All of lore.kernel.org
 help / color / mirror / Atom feed
From: "Nguyễn Thái Ngọc Duy" <pclouds@gmail.com>
To: git@vger.kernel.org
Cc: "Nguyễn Thái Ngọc Duy" <pclouds@gmail.com>
Subject: [PATCH 10/14] ls-files: support "sparse patterns", used to form sparse checkout areas
Date: Sat, 20 Sep 2008 17:01:49 +0700	[thread overview]
Message-ID: <1221904913-25887-11-git-send-email-pclouds@gmail.com> (raw)
In-Reply-To: <1221904913-25887-10-git-send-email-pclouds@gmail.com>

This implements sparse patterns and adds --narrow-match option in order
to test the patterns.

Sparse patterns are basically like .gitignore patterns, but they can be
combined in one line, separating by colons like $PATH.

Signed-off-by: Nguyễn Thái Ngọc Duy <pclouds@gmail.com>
---
 Documentation/git-checkout.txt   |   45 +++++++++++++
 Documentation/git-ls-files.txt   |    8 ++-
 builtin-ls-files.c               |   21 +++++-
 t/t3003-ls-files-narrow-match.sh |   39 +++++++++++
 t/t3003/1                        |    3 +
 t/t3003/12                       |    6 ++
 t/t3003/clone-escape             |    4 +
 t/t3003/cur-12                   |    2 +
 t/t3003/root-sub-1               |    1 +
 t/t3003/slash-1                  |    1 +
 t/t3003/sub-1                    |    2 +
 t/t3003/sub-only                 |    3 +
 t/t3003/subsub-slash             |    3 +
 unpack-trees.c                   |  136 ++++++++++++++++++++++++++++++++++++++
 unpack-trees.h                   |   18 +++++
 15 files changed, 288 insertions(+), 4 deletions(-)

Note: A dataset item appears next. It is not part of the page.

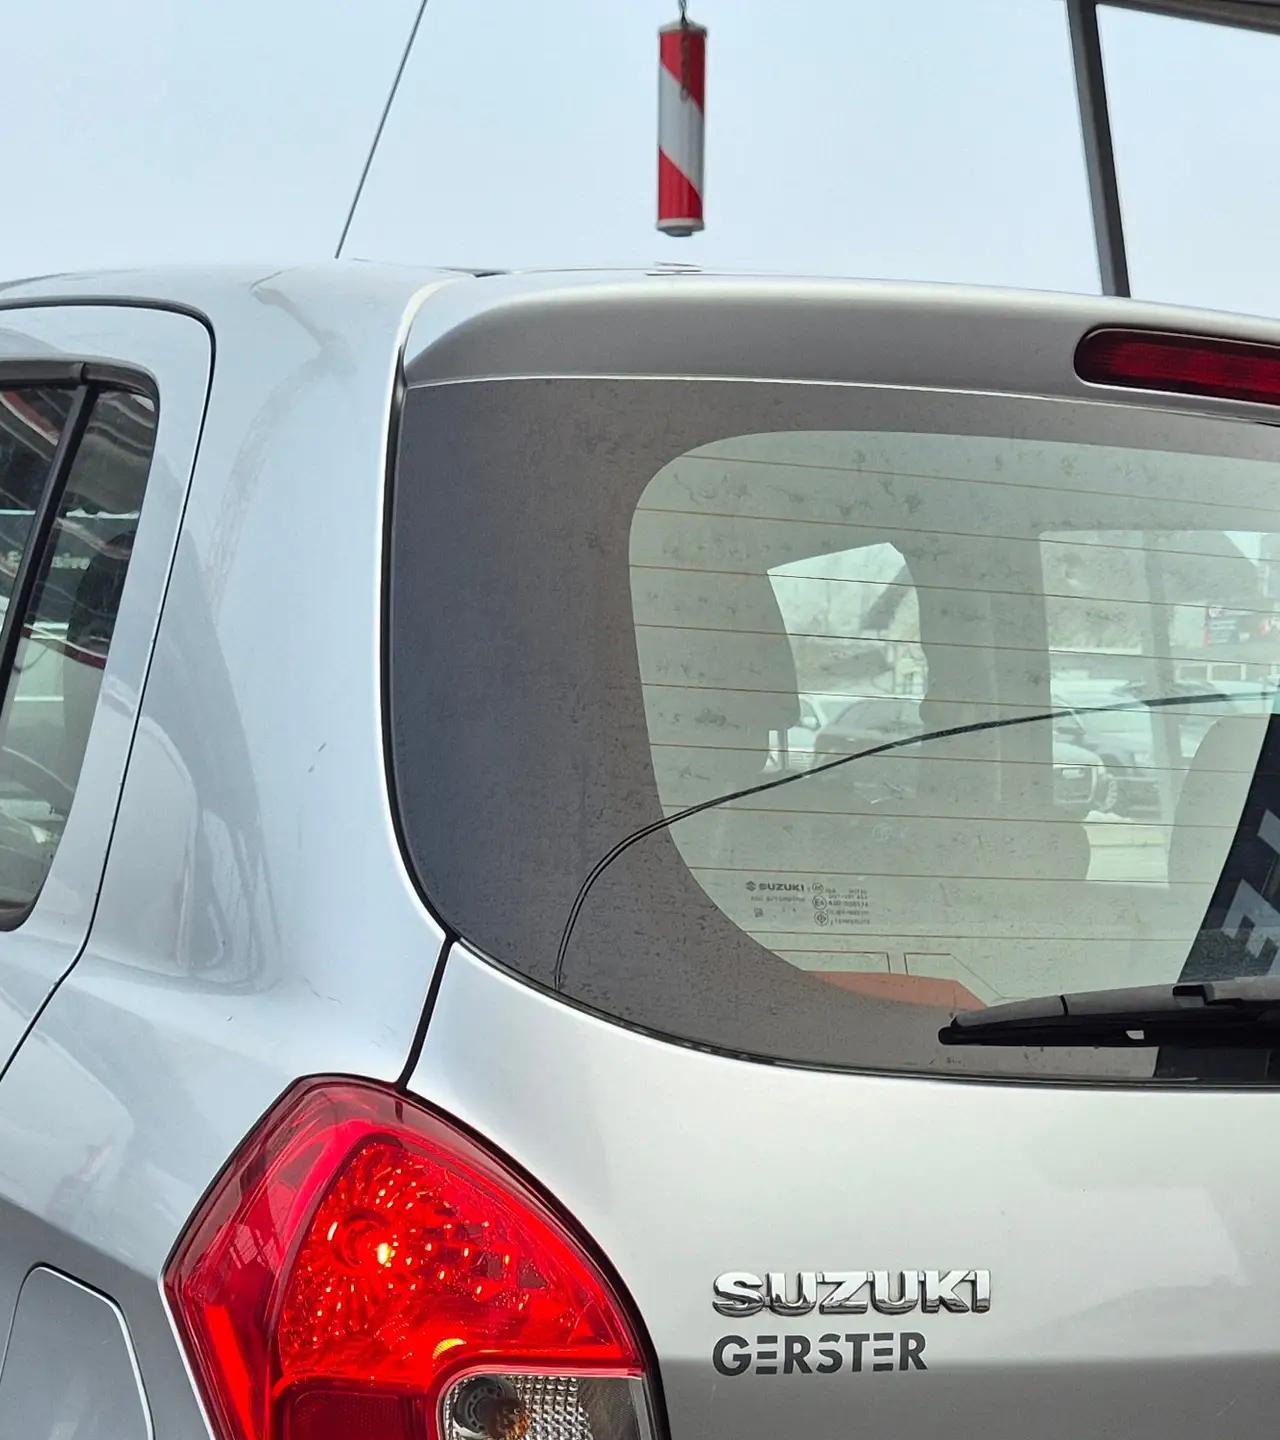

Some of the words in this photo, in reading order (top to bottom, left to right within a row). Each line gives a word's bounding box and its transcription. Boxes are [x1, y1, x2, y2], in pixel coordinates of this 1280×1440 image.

[759, 882, 805, 892] SUZUKI
[712, 1269, 991, 1317] SUZUKI
[712, 1331, 929, 1377] GERSTER

 create mode 100755 t/t3003-ls-files-narrow-match.sh
 create mode 100644 t/t3003/1
 create mode 100644 t/t3003/12
 create mode 100644 t/t3003/clone-escape
 create mode 100644 t/t3003/cur-12
 create mode 100644 t/t3003/root-sub-1
 create mode 100644 t/t3003/slash-1
 create mode 100644 t/t3003/sub
 create mode 100644 t/t3003/sub-1
 create mode 100644 t/t3003/sub-only
 create mode 100644 t/t3003/subsub-slash

diff --git a/Documentation/git-checkout.txt b/Documentation/git-checkout.txt
index 2b344e1..d6f94a6 100644
--- a/Documentation/git-checkout.txt
+++ b/Documentation/git-checkout.txt
@@ -205,6 +205,51 @@ is "assume unchanged" bit just ignores corresponding files in working
 directory while sparse checkout goes a bit farther, remove those files
 when it is safe to do so.
 
+Sparse patterns
+---------------
+
+Sparse patterns specify how do you want to form your checkout area.
+Many patterns can be specified on one line, separated by colons.

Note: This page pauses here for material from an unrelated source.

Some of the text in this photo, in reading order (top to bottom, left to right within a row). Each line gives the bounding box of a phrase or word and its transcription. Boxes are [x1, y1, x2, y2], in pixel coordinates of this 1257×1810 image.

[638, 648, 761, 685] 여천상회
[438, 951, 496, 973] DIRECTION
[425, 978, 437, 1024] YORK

+The patterns specify what files should or should not be checked out
+on working directory (depends on the option used with the patterns).

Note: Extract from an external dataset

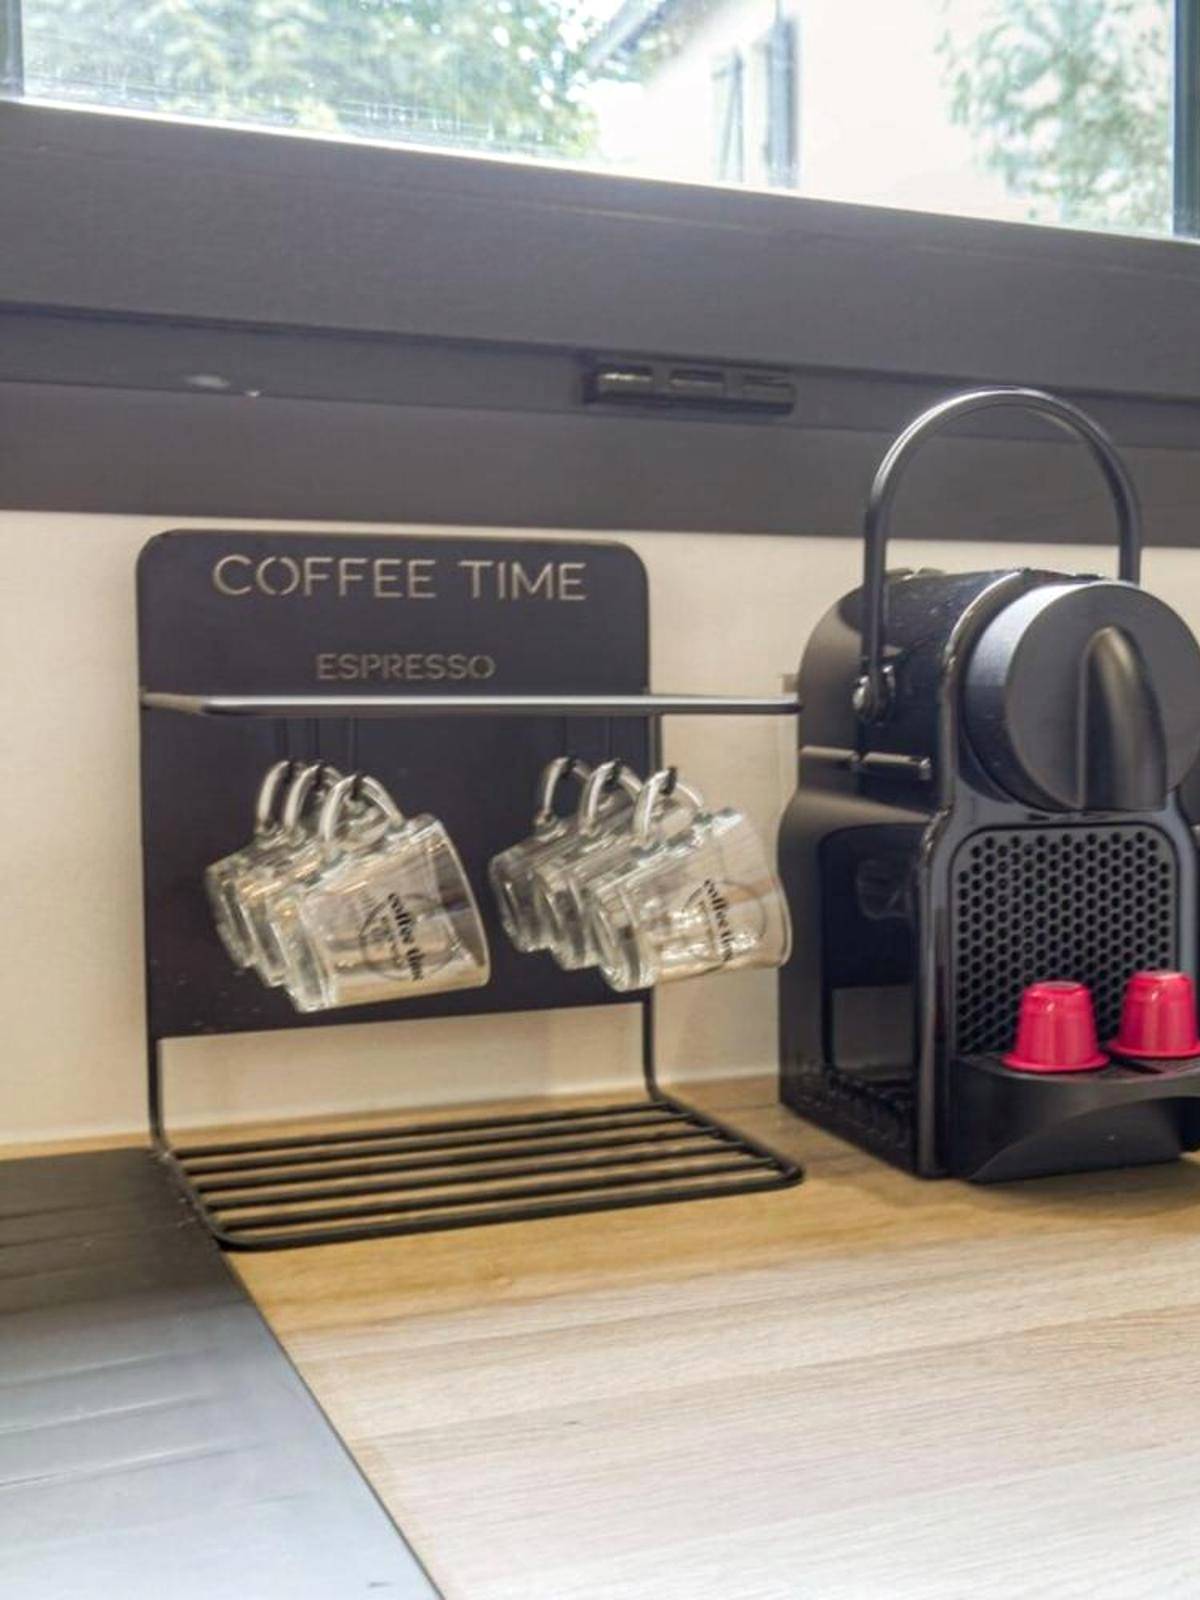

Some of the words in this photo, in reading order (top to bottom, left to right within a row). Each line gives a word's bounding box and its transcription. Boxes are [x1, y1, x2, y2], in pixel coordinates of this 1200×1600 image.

[210, 553, 437, 598] COFFEE
[458, 559, 588, 601] TIME
[315, 652, 496, 681] ESPRESSO

+Patterns have the following format:
+
+ - An optional prefix '!' which negates the pattern; any
+   matching file by a previous pattern will become
+   unmatched again.  If a negated pattern matches, this will
+   override lower precedence patterns sources.
+
+ - If the pattern ends with a slash, it is removed for the
+   purpose of the following description, but it would only find
+   a match with a directory.  In other words, `foo/` will match a
+   directory `foo` and paths underneath it, but will not match a
+   regular file or a symbolic link `foo` (this is consistent
+   with the way how pathspec works in general in git).
+
+ - If the pattern does not contain a slash '/', git treats it as
+   a shell glob pattern and checks for a match against the
+   pathname without leading directories.
+
+ - Otherwise, git treats the pattern as a shell glob suitable
+   for consumption by fnmatch(3) with the FNM_PATHNAME flag:
+   wildcards in the pattern will not match a / in the pathname.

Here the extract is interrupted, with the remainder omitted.